November 23rd – This Day in Stock Market History

November 23rd, 1909 – Orville and Wilbur Wright go to work for the first time at their new company, the Wright Company.

The company was incorporated the day prior, and funded with $1,000,000 in start up capital.


Source: New York Times November 23rd, 1909

Orville Wright would estimate the company built 120 airplanes during the first 5 years of the company’s operations. In 1915 Wright Company would merge with the Glenn L. Martin Company, forming the Wright-Martin Company.

November 23rd, 1954 – The Dow Jones Industrial Average closes at 382.74, the first time it has closed above 381.17 since September 3rd 1929. The stock market has finally recovered from its pre-Great Depression peak after 25 years.

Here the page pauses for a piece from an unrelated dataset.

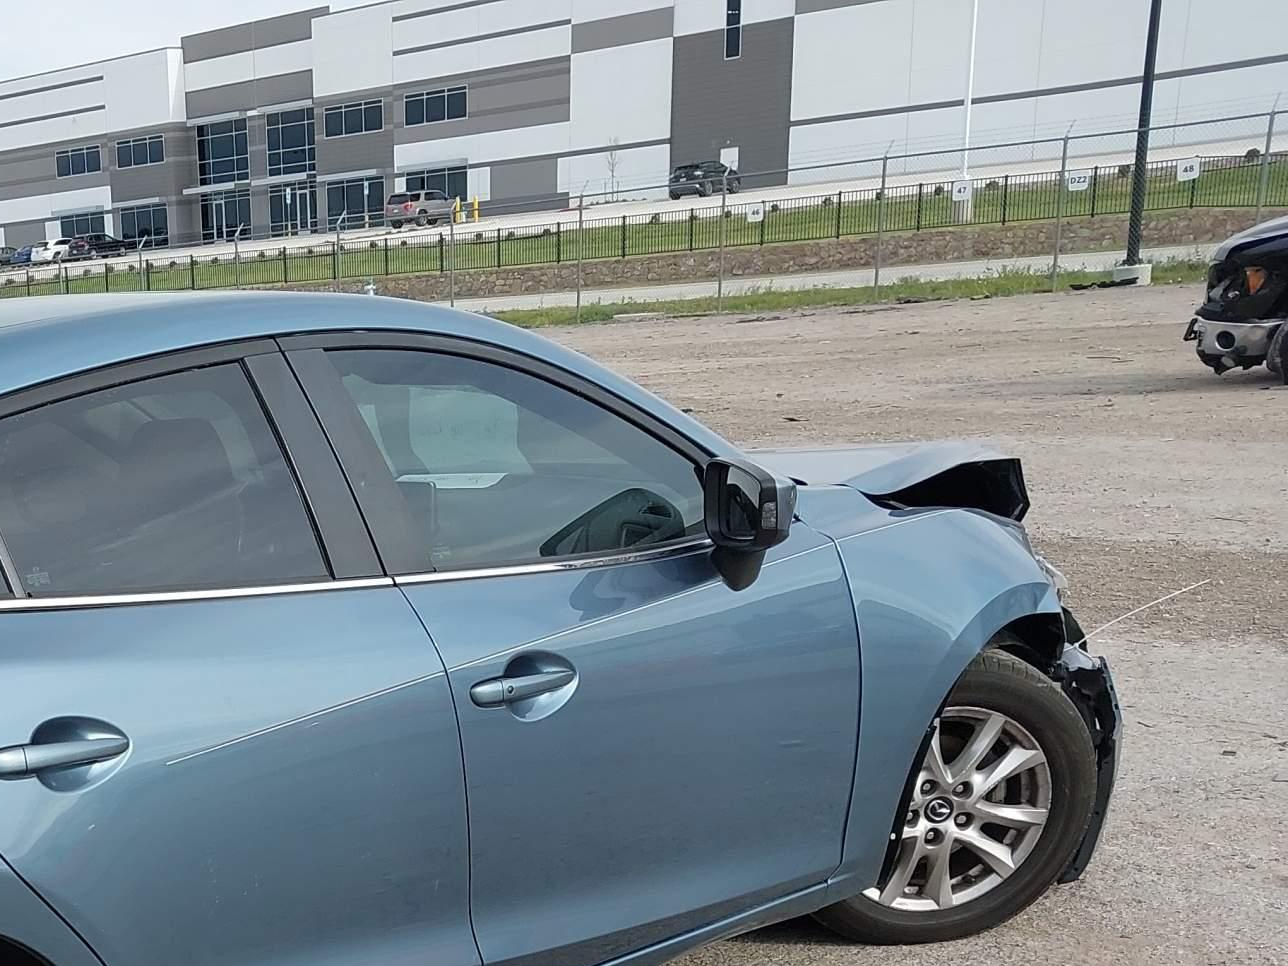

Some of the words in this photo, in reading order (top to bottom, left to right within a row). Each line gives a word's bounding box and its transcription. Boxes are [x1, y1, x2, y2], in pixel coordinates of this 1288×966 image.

[1182, 164, 1195, 173] 48
[1070, 175, 1088, 185] DZ2
[956, 186, 967, 194] 47

This remains the longest stretch in history for the Dow to make a new high. 

Chart courtesy of Macrotrends

Source: The Market’s Measure

Best November 23rd in Dow Jones Industrial Average History

1907 – Up 3.65%, 1.42 points.

Worst November 23rd in Dow Jones Industrial Average History

1932 – Down 5.84%, 3.69 points.

Read of the Day

The Concept of Dollar Cost Averaging

We all have fears that another 1929-like crash is coming. From late 1929 to 1932 the U.S. stock market fell nearly 90% and as we saw above it would take nearly 25 years for an investor to recover.

But an investor in 1929 who kept their wits and actively invested during that time had a much shorter wait, in fact it turns out a major drop like we saw in 1929 was actually incredibly beneficial for a long term investor!

From the article linked above:

Consider someone in 1929 who invested $100 a month into that same stock index starting in 1929 for the next 10 years. This investor invested $100 whether the market was up 10% or down 90%. In fact, this investor would have had to have some guts to continue to buy the stock market all the way down. But it would pay off:

By 1939 this investor’s investment would have been worth more than $15,000! A gain of $5,000!

In this example, the investor would have lost money on some of their investments from early 1929, but because they still have money available to invest they are also able to buy the market at its lows!  This new investor buys every month, and ends up building a large position near the lows of the market. So a decade later when the stock market is recovering, they are in position to make a lot of money!

A disciplined, patient and persistent investor can make money even in the midst of the worst economic climate history has seen!

(The article also looks at examples of investors who dollar cost averaged through the 1999 tech bubble.)

Often we let the fear of a potential fall in the stock market prevent us from investing. “Stocks have gone up recently…I’m just going to wait until they drop before I invest” is something we have all heard or thought of ourselves. But the truth is these declines, even massive ones like that seen in the great depression can mean much less over the long term (and actually be beneficial!) for an investor who maintains discipline and continuously invests.

If a fear of a short term market loss is holding you up from investing today read this article and start a dollar cost averaging approach to your investments. You will thank yourself later.